Task statement →
Set every entry down again exactly, excluding any pictures.

Input material →
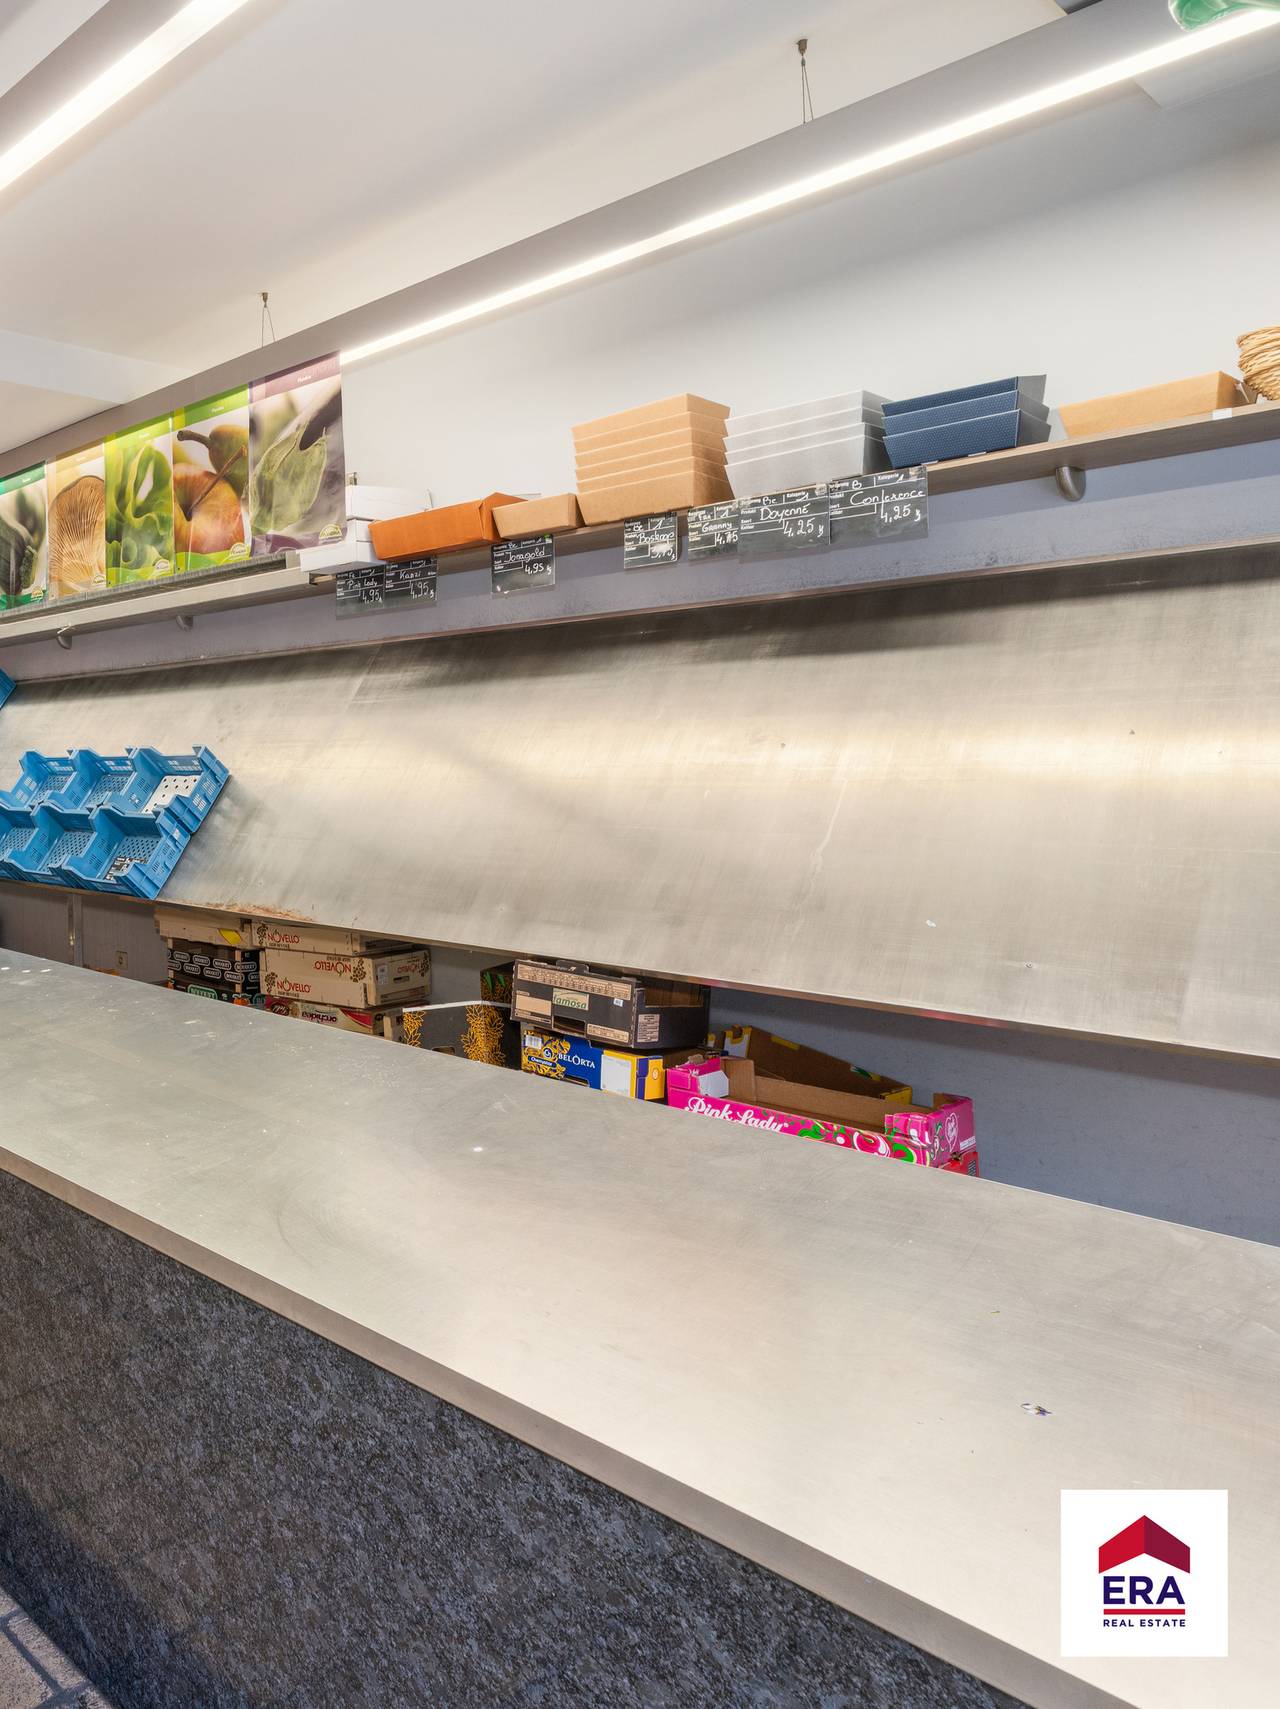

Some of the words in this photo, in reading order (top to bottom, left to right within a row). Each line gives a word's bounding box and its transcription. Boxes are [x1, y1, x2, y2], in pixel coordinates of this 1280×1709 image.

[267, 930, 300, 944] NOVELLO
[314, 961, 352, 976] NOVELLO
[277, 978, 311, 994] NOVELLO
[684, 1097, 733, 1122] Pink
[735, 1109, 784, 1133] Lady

Result →
Some of the words in this photo, in reading order (top to bottom, left to right within a row). Each line gives a word's bounding box and its transcription. Boxes are [x1, y1, x2, y2], in pixel coordinates of this 1280×1709 image.

[267, 930, 300, 944] NOVELLO
[314, 961, 352, 976] NOVELLO
[277, 978, 311, 994] NOVELLO
[684, 1097, 733, 1122] Pink
[735, 1109, 784, 1133] Lady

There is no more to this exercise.